Juli 26, 2008...10:06 am

Edison’s Week in Review: 26 July 2008

Lompat ke Komentar

Minggu kemarin [19 July 2008] karena saya sedang berlibur, kolom ini ‘terpaksa’ ikutan libur bersama saya. Oleh karena itu untuk Week in Review edisi minggu ini, pembahasannya mungkin akan sedikit menyinggung apa yang terjadi di minggu lalu juga.

—–oOo—–

Dari negeri paman Sam, isu yang menarik bagi saya datang dari sektor properti, yaitu terkait dengan perkembangan ‘nasib’  Housing Bill (UU Perumahan). Pada hari Sabtu ini, Senat Amerika akan mengadakan pemungutan suara atas UU ini, dan berbagai pengamat politik memperkirakan bahwa UU ini akan disahkan tanpa halangan berarti.

Jika Housing Bill ini disahkan, berarti akan ada suntikan uang yang cukup besar ke perekonomian AS, terutama sektor properti dan perbankan. Salah satu isi Housing Bill ini adalah bantuan sebesar US$300 Milyar bagi para pemilik rumah yang terancam kehilangan rumahnya akibat foreclosure (disita oleh bank karena tidak mampu membayar KPR). Dari segi jumlah, bantuan ini hampir 2x lipat stimulus ekonomi  USA di bulan February lalu (berupa keringanan pajak sebesar $168 Milyar).

Perlu diketahui bahwa semakin banyak uang yang beredar di ekonomi (dengan asumsi jumlah barang dan jasa tidak berubah) maka nilai uang itu akan turun. Dengan adanya suntikan uang sebesar US$300 Milyar ini ke dalam perekonomian AS, maka satu konsekuensi yang mungkin akan timbul adalah semakin melemahnya dollar Amerika terhadap berbagai mata uang utama lainnya, terutama Euro.

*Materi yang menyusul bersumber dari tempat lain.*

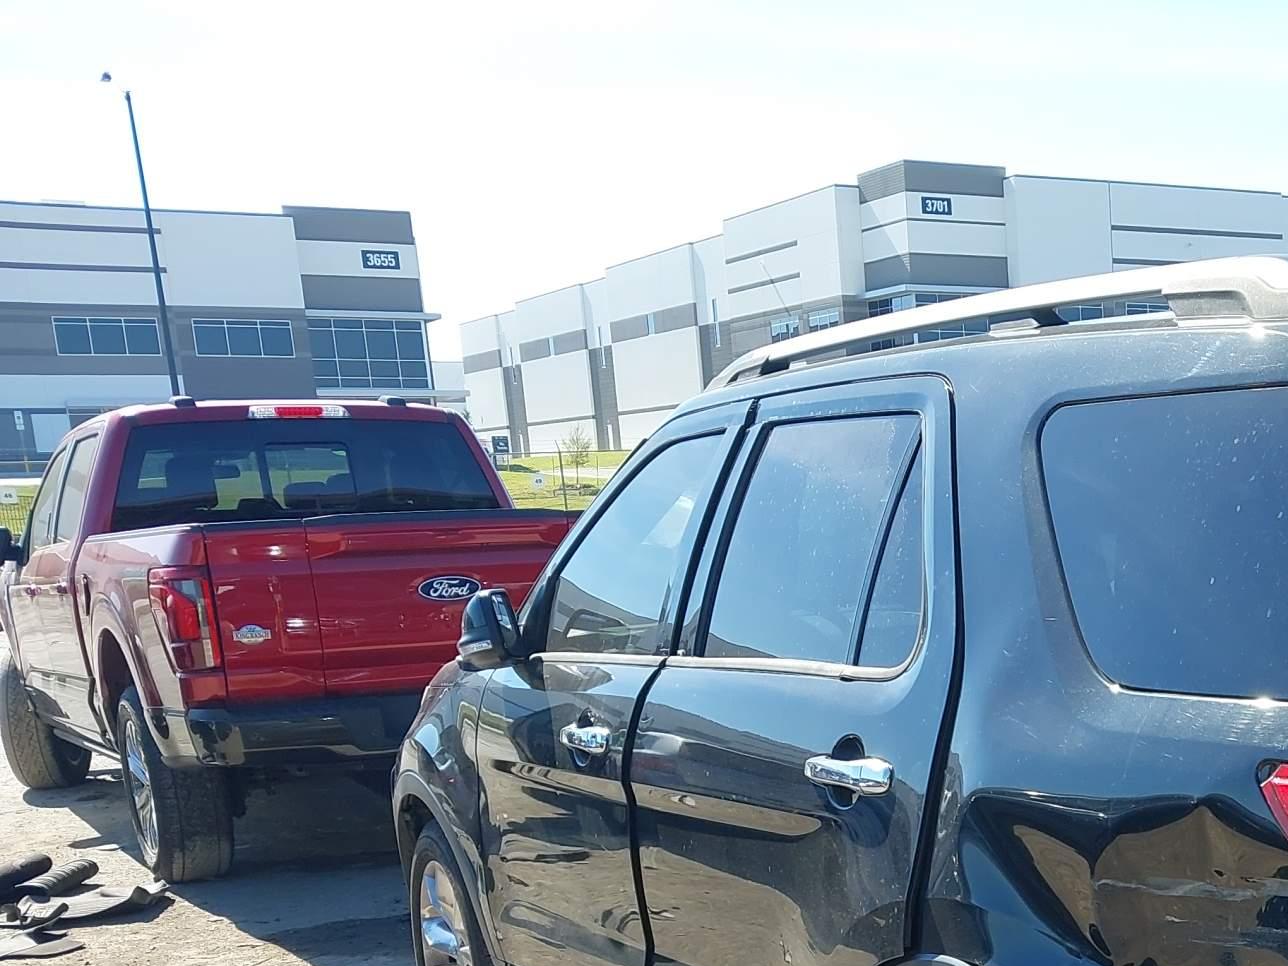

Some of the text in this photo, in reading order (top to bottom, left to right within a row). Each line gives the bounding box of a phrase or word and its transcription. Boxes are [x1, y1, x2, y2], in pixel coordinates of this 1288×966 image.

Jika skenario melemahnya dollar Amerika ini benar terjadi, maka akan terjadi dua dampak susulan. Yang pertama adalah ini akan memberikan ‘dorongan’ naik kepada harga komoditas, karena perdagangan komoditas dilakukan dalam mata uang US$. Efek kedua dari semakin melemahnya dollar amerika adalah membuat berbagai produk AS lebih kompetitif di pasar internasional, sehingga bisa mendorong kegiatan ekspor USA.

Efek Housing Bill ini terhadap krisis properti di Amerika sendiri belum bisa diperkirakan. Ekonom Mark Zandi dari Moody’s memperkirakan bahwa di tahun ini, akan ada sekitar 3 juta pemilik rumah yang akan kesulitan membayar cicilan mortgage/KPRnya. Dari 3 juta orang itu, sekitar 1,5 juta akan terancam kehilangan rumahnya akibat foreclosure (disita oleh bank).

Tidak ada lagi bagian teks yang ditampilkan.